AIM OF THE EXERCISE: Set down each line of the data below exactly as it stands, dropping the pictures.

════════

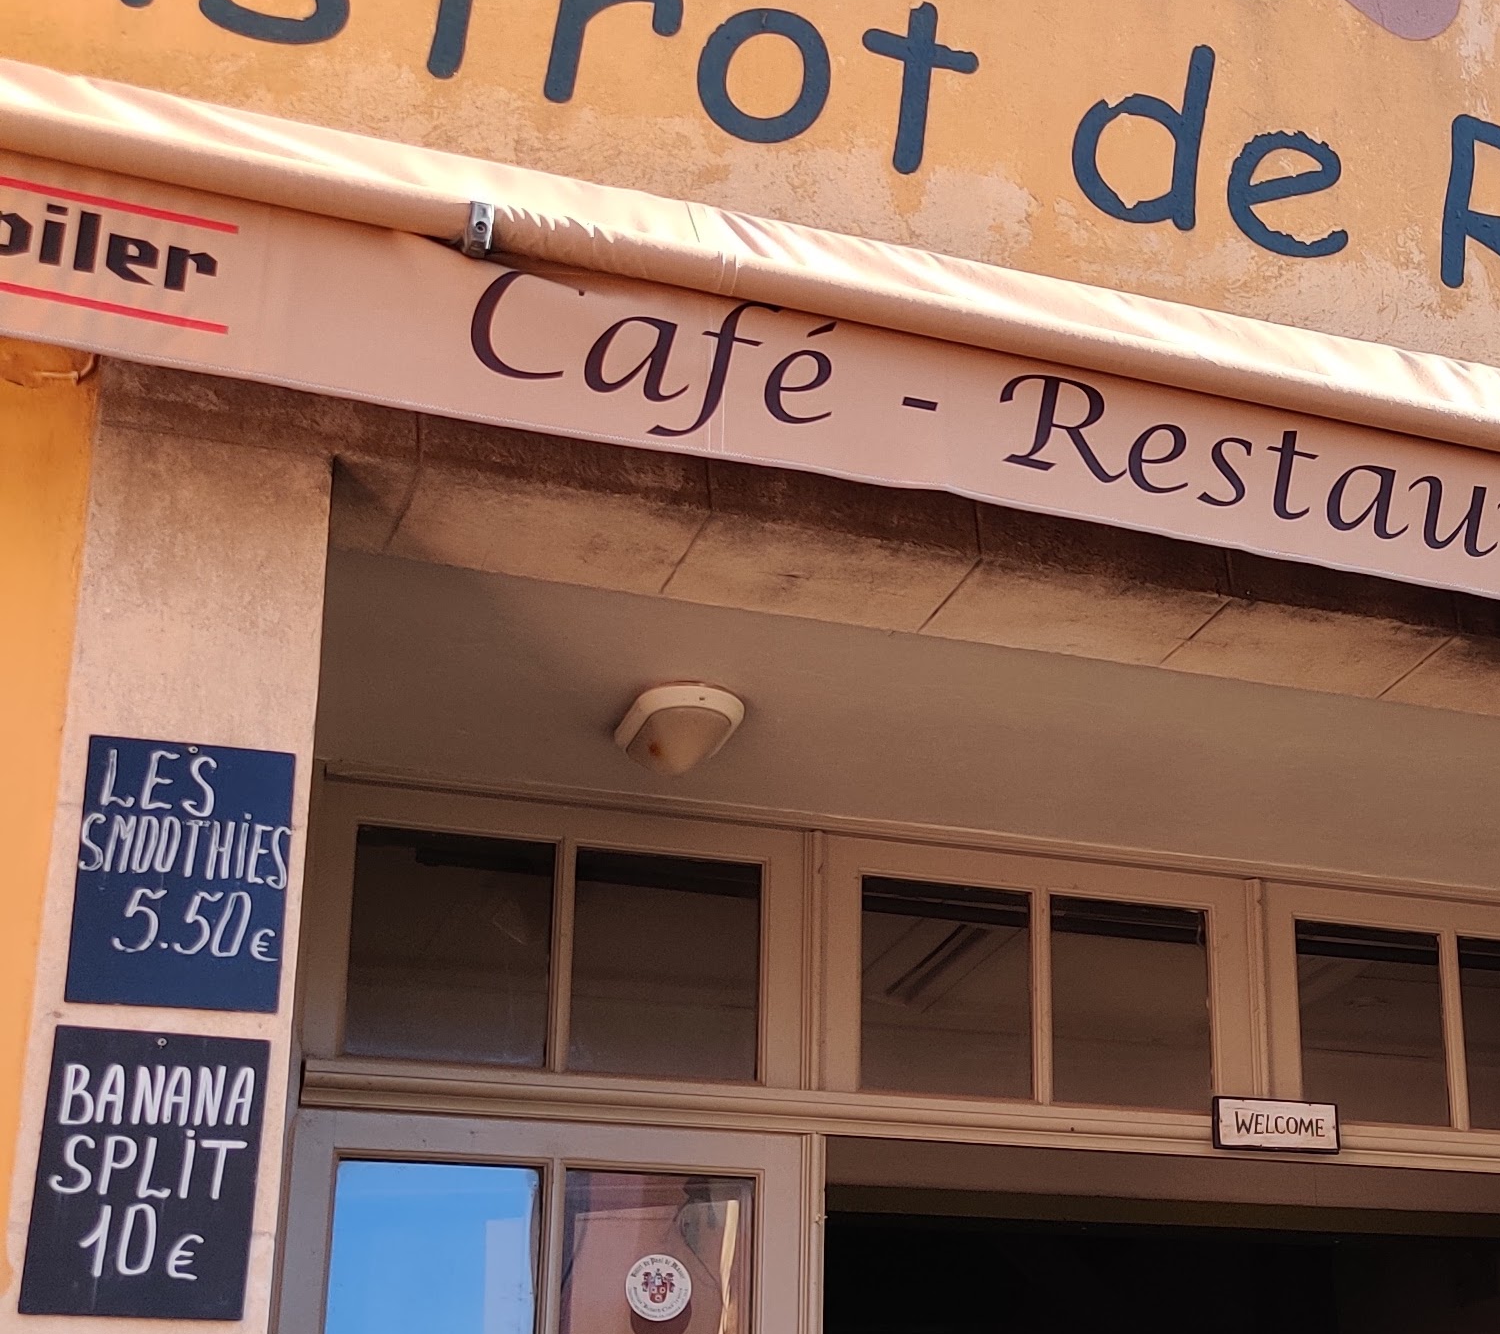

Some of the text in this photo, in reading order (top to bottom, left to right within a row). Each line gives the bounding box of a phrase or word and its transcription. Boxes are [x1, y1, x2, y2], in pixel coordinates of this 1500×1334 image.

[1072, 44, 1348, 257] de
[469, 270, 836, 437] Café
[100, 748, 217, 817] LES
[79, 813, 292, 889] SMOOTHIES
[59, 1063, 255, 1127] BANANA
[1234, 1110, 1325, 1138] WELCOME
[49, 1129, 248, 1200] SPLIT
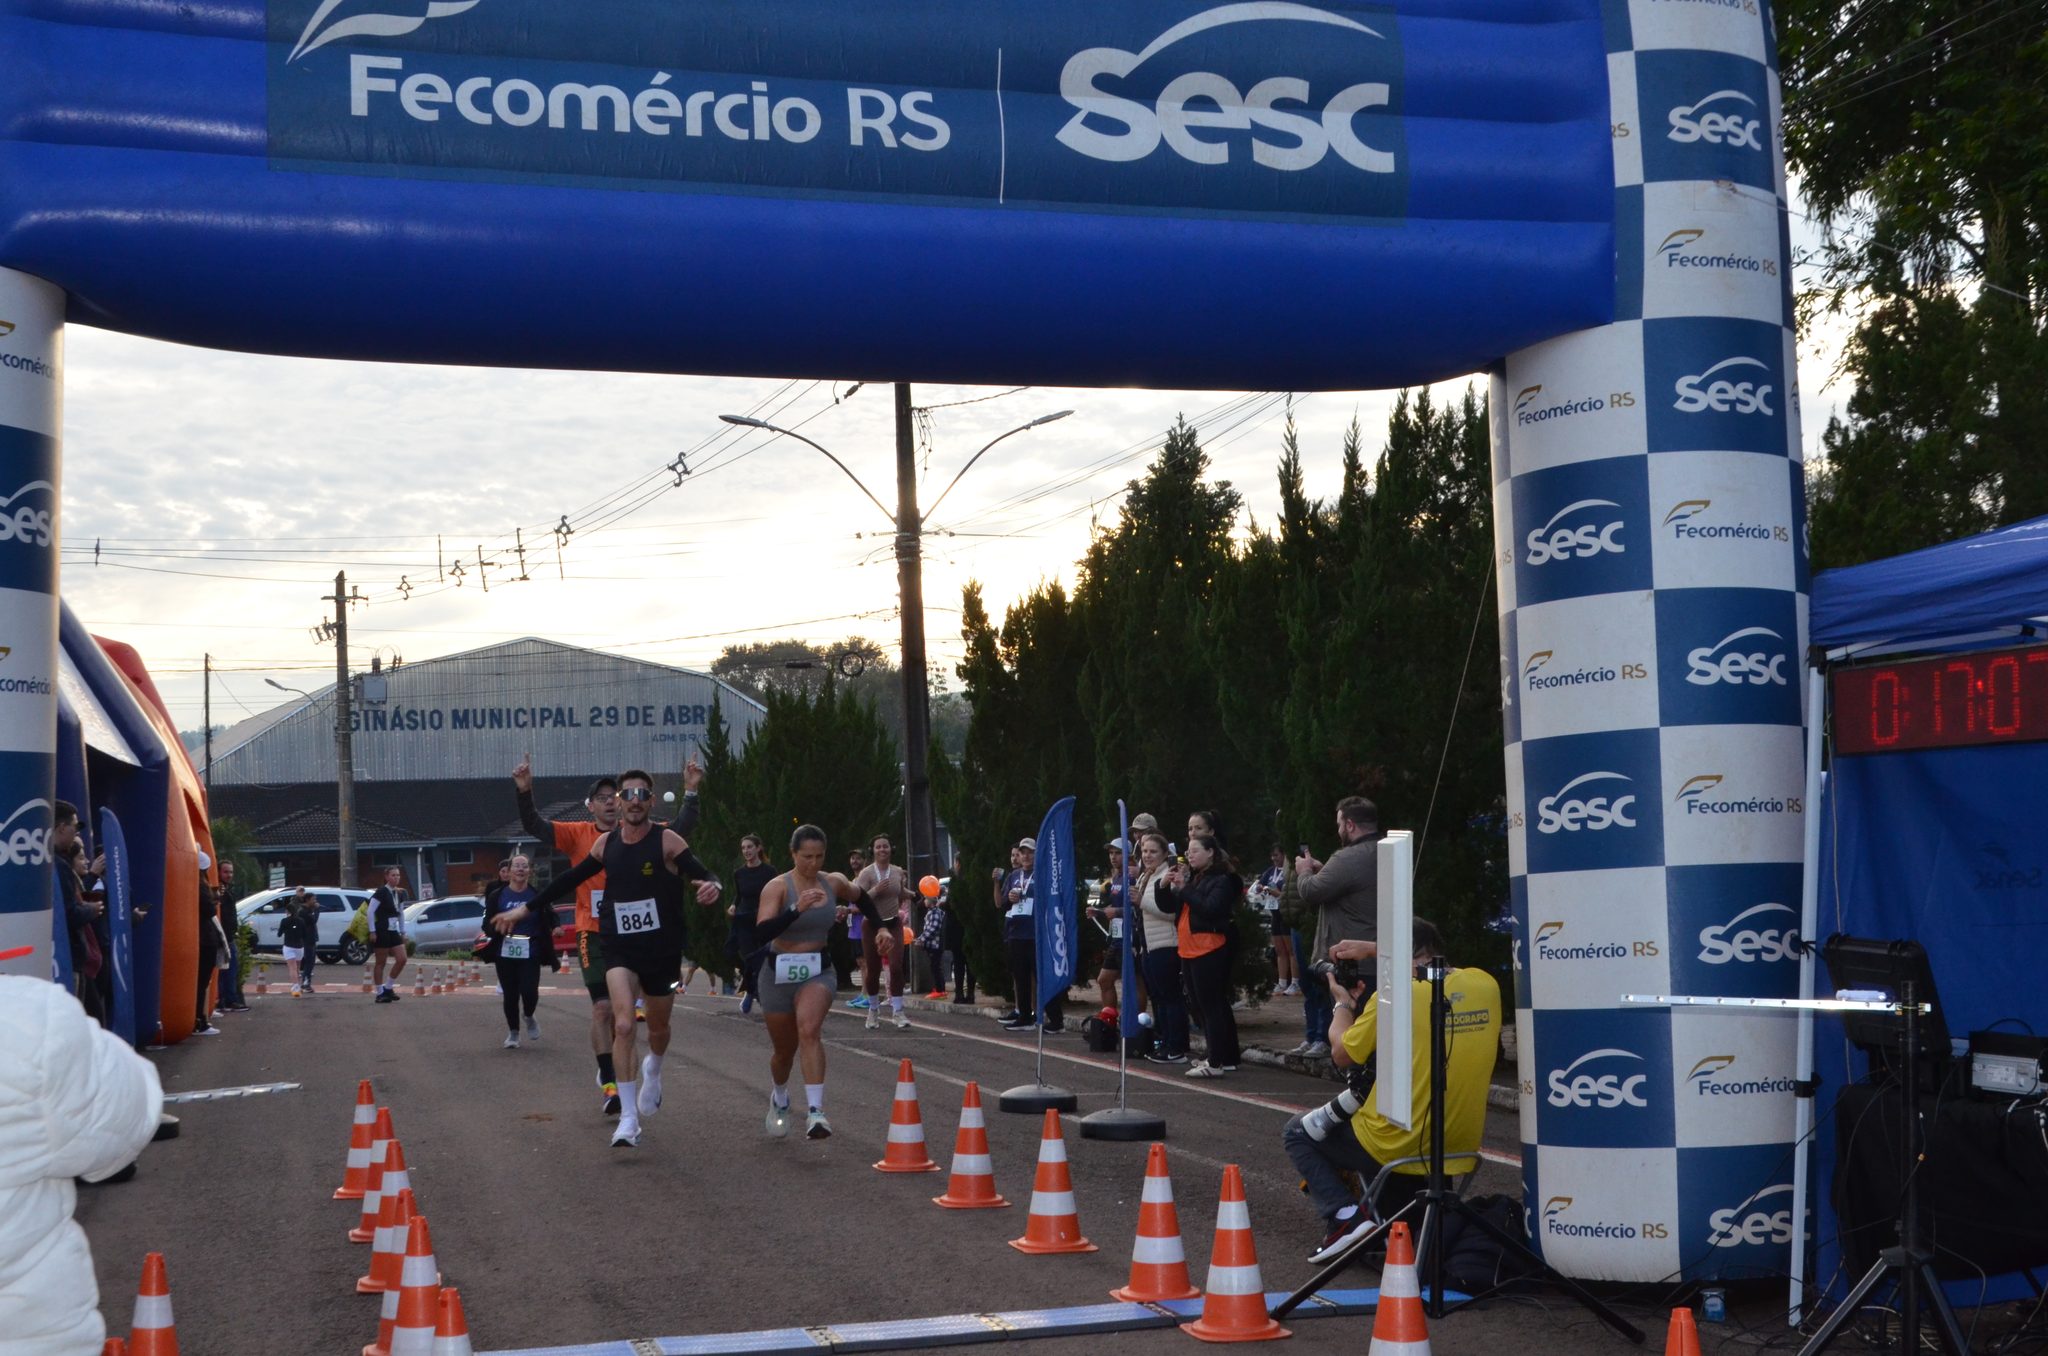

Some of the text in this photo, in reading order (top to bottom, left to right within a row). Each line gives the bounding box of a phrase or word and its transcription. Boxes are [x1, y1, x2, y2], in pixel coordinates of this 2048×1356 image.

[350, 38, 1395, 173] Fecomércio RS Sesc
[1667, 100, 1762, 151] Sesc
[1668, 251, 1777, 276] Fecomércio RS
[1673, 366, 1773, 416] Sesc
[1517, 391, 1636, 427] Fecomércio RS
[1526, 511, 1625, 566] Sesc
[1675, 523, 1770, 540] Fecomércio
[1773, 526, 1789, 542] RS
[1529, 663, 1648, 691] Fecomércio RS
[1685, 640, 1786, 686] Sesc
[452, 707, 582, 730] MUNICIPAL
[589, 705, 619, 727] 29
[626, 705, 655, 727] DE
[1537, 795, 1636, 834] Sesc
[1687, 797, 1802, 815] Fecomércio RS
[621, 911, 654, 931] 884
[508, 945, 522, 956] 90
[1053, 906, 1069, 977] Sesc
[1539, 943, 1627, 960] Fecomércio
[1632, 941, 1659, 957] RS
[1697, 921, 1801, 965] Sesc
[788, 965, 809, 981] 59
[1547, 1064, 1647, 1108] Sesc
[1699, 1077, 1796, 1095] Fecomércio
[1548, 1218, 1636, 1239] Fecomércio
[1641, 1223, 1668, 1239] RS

════════

OUTPUT OF THE TASK:
Some of the text in this photo, in reading order (top to bottom, left to right within a row). Each line gives the bounding box of a phrase or word and its transcription. Boxes are [x1, y1, x2, y2], in pixel coordinates of this 1500×1334 image.

[1072, 44, 1348, 257] de
[469, 270, 836, 437] Café
[100, 748, 217, 817] LES
[79, 813, 292, 889] SMOOTHIES
[59, 1063, 255, 1127] BANANA
[1234, 1110, 1325, 1138] WELCOME
[49, 1129, 248, 1200] SPLIT

Some of the text in this photo, in reading order (top to bottom, left to right within a row). Each line gives the bounding box of a phrase or word and its transcription. Boxes are [x1, y1, x2, y2], in pixel coordinates of this 2048×1356 image.

[350, 38, 1395, 173] Fecomércio RS Sesc
[1667, 100, 1762, 151] Sesc
[1668, 251, 1777, 276] Fecomércio RS
[1673, 366, 1773, 416] Sesc
[1517, 391, 1636, 427] Fecomércio RS
[1526, 511, 1625, 566] Sesc
[1675, 523, 1770, 540] Fecomércio
[1773, 526, 1789, 542] RS
[1529, 663, 1648, 691] Fecomércio RS
[1685, 640, 1786, 686] Sesc
[452, 707, 582, 730] MUNICIPAL
[589, 705, 619, 727] 29
[626, 705, 655, 727] DE
[1537, 795, 1636, 834] Sesc
[1687, 797, 1802, 815] Fecomércio RS
[621, 911, 654, 931] 884
[508, 945, 522, 956] 90
[1053, 906, 1069, 977] Sesc
[1539, 943, 1627, 960] Fecomércio
[1632, 941, 1659, 957] RS
[1697, 921, 1801, 965] Sesc
[788, 965, 809, 981] 59
[1547, 1064, 1647, 1108] Sesc
[1699, 1077, 1796, 1095] Fecomércio
[1548, 1218, 1636, 1239] Fecomércio
[1641, 1223, 1668, 1239] RS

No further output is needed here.